**EXERCISE:** Leave out each picture. Repeat everything else in the records exactly.

^^^^^^^^

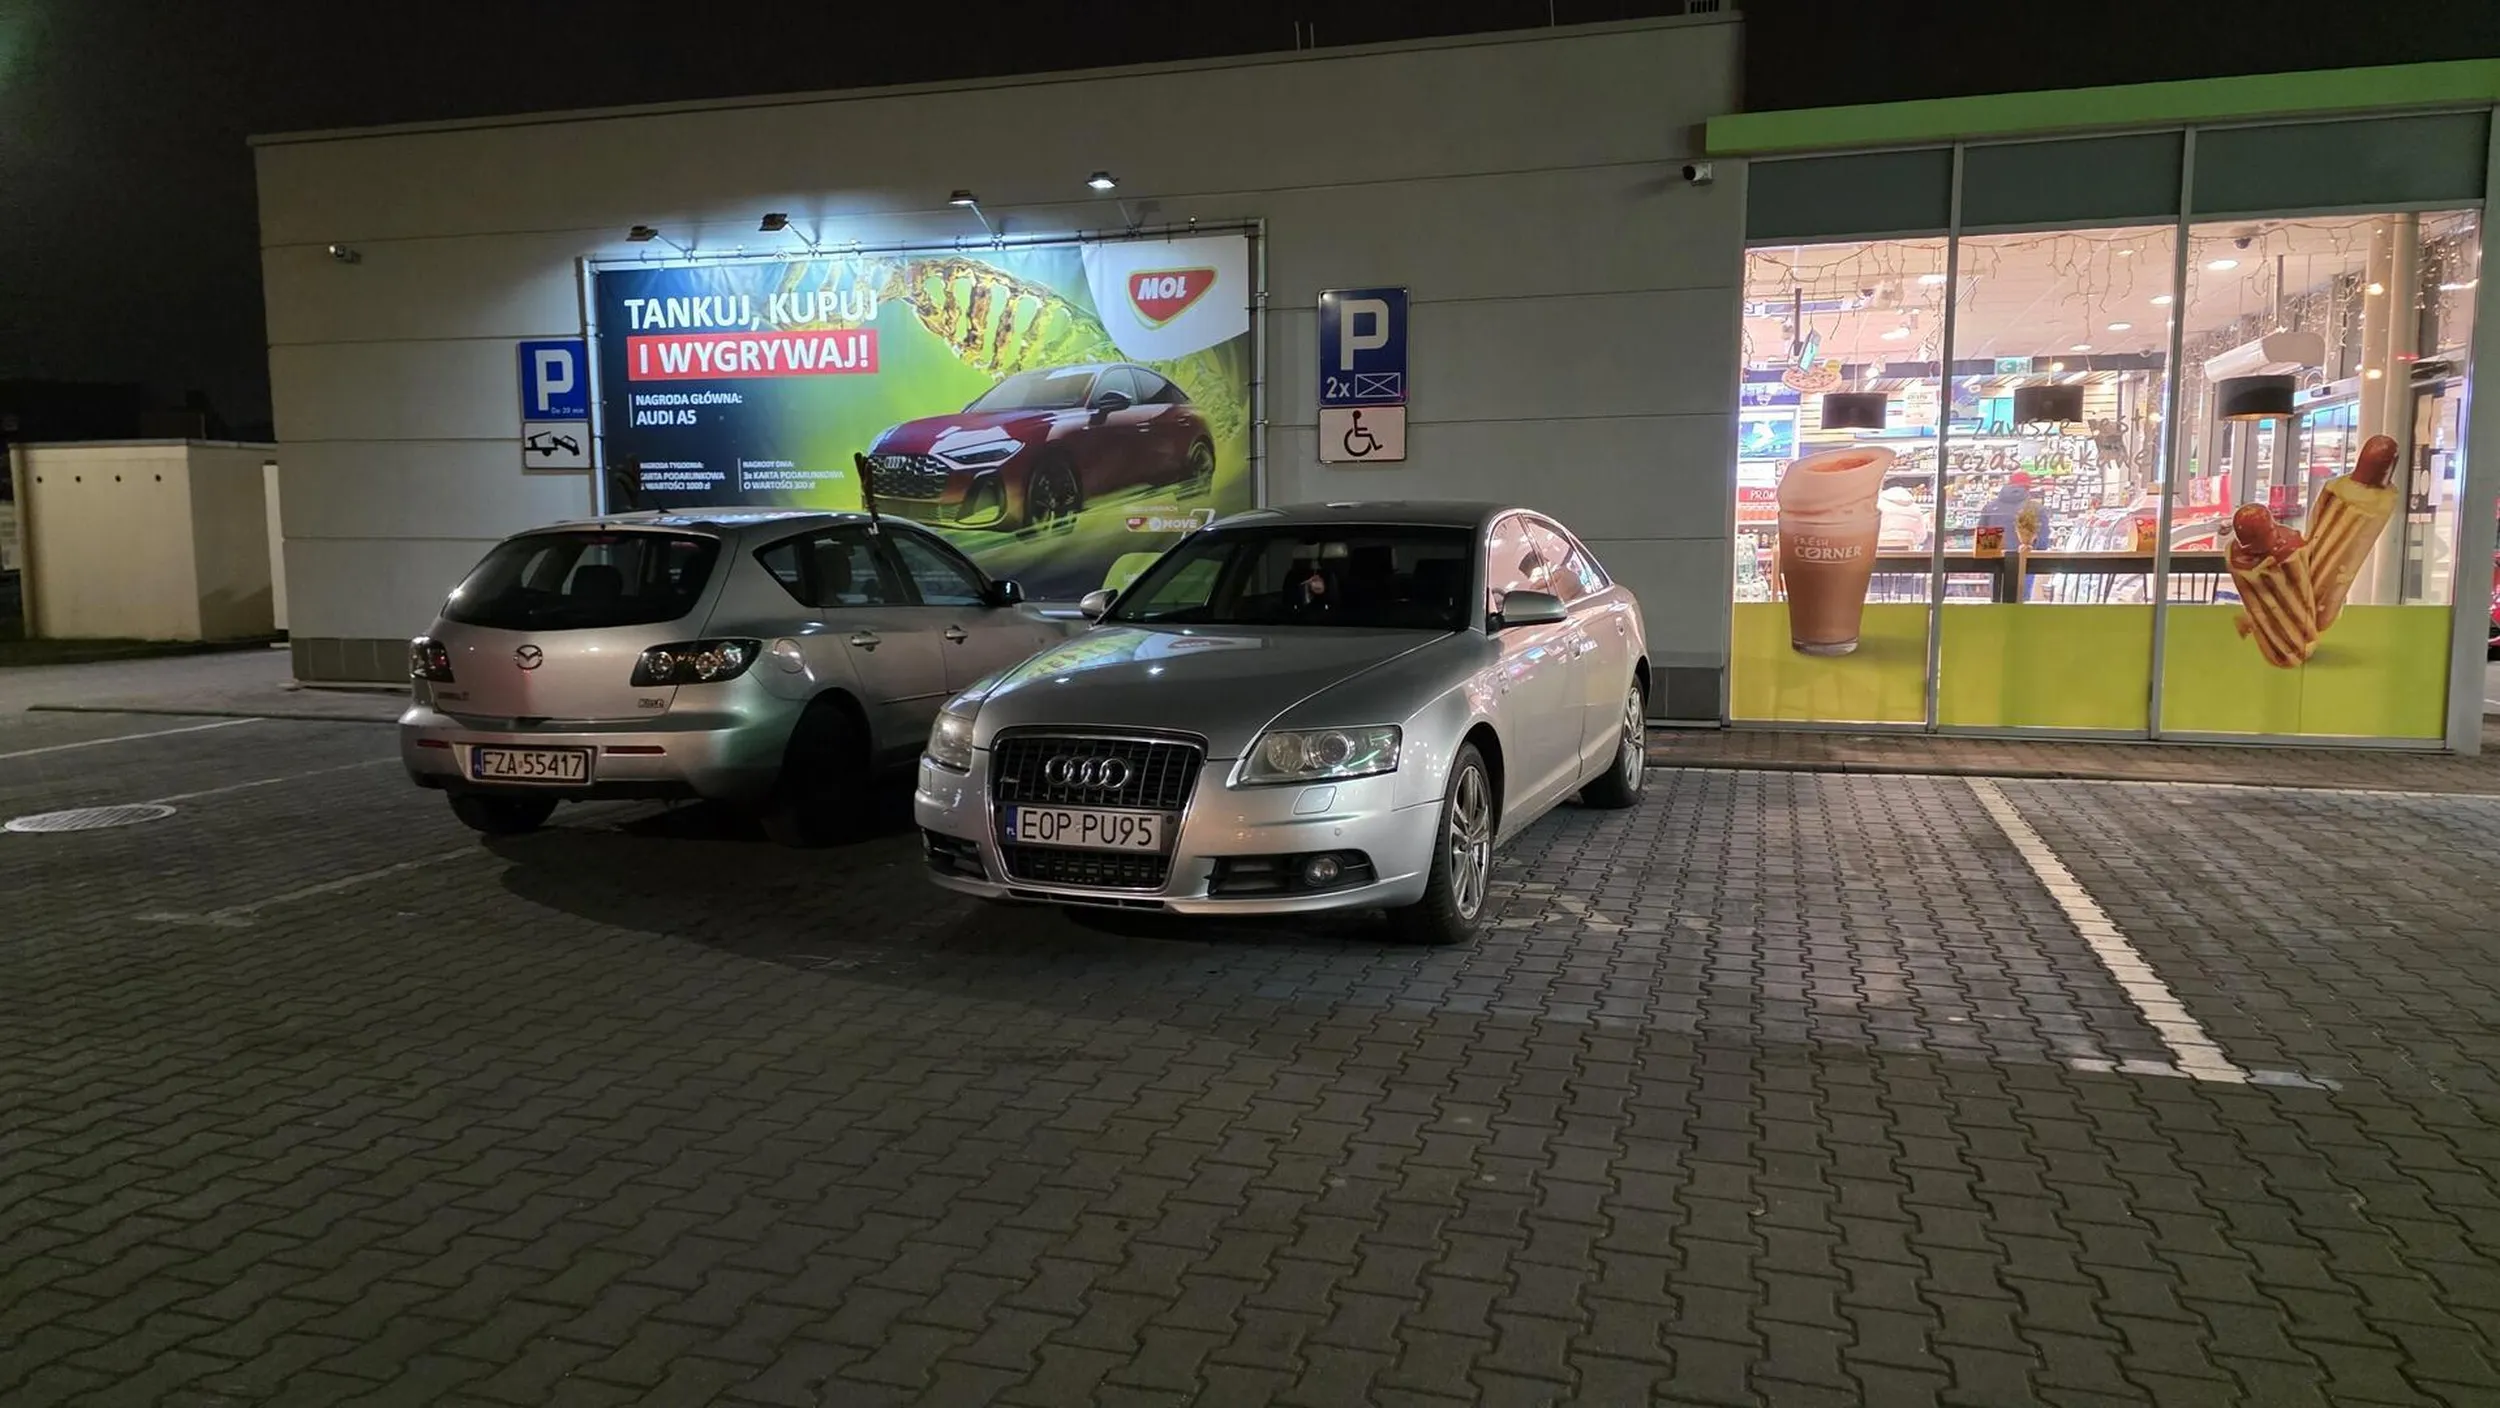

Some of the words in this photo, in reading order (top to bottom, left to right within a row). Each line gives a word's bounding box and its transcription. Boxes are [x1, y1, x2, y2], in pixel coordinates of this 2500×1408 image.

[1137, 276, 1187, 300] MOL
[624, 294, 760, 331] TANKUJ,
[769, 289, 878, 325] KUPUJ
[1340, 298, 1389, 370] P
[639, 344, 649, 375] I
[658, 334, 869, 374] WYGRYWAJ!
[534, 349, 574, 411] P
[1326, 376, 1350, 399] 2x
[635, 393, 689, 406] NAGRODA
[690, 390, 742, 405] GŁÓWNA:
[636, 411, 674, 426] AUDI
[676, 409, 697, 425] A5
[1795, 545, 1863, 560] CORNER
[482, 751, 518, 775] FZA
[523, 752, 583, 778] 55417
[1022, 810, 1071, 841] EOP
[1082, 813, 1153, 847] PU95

^^^^^^^^

**RESPONSE AREA:**
Some of the words in this photo, in reading order (top to bottom, left to right within a row). Each line gives a word's bounding box and its transcription. Boxes are [x1, y1, x2, y2], in pixel coordinates of this 2500×1408 image.

[1137, 276, 1187, 300] MOL
[624, 294, 760, 331] TANKUJ,
[769, 289, 878, 325] KUPUJ
[1340, 298, 1389, 370] P
[639, 344, 649, 375] I
[658, 334, 869, 374] WYGRYWAJ!
[534, 349, 574, 411] P
[1326, 376, 1350, 399] 2x
[635, 393, 689, 406] NAGRODA
[690, 390, 742, 405] GŁÓWNA:
[636, 411, 674, 426] AUDI
[676, 409, 697, 425] A5
[1795, 545, 1863, 560] CORNER
[482, 751, 518, 775] FZA
[523, 752, 583, 778] 55417
[1022, 810, 1071, 841] EOP
[1082, 813, 1153, 847] PU95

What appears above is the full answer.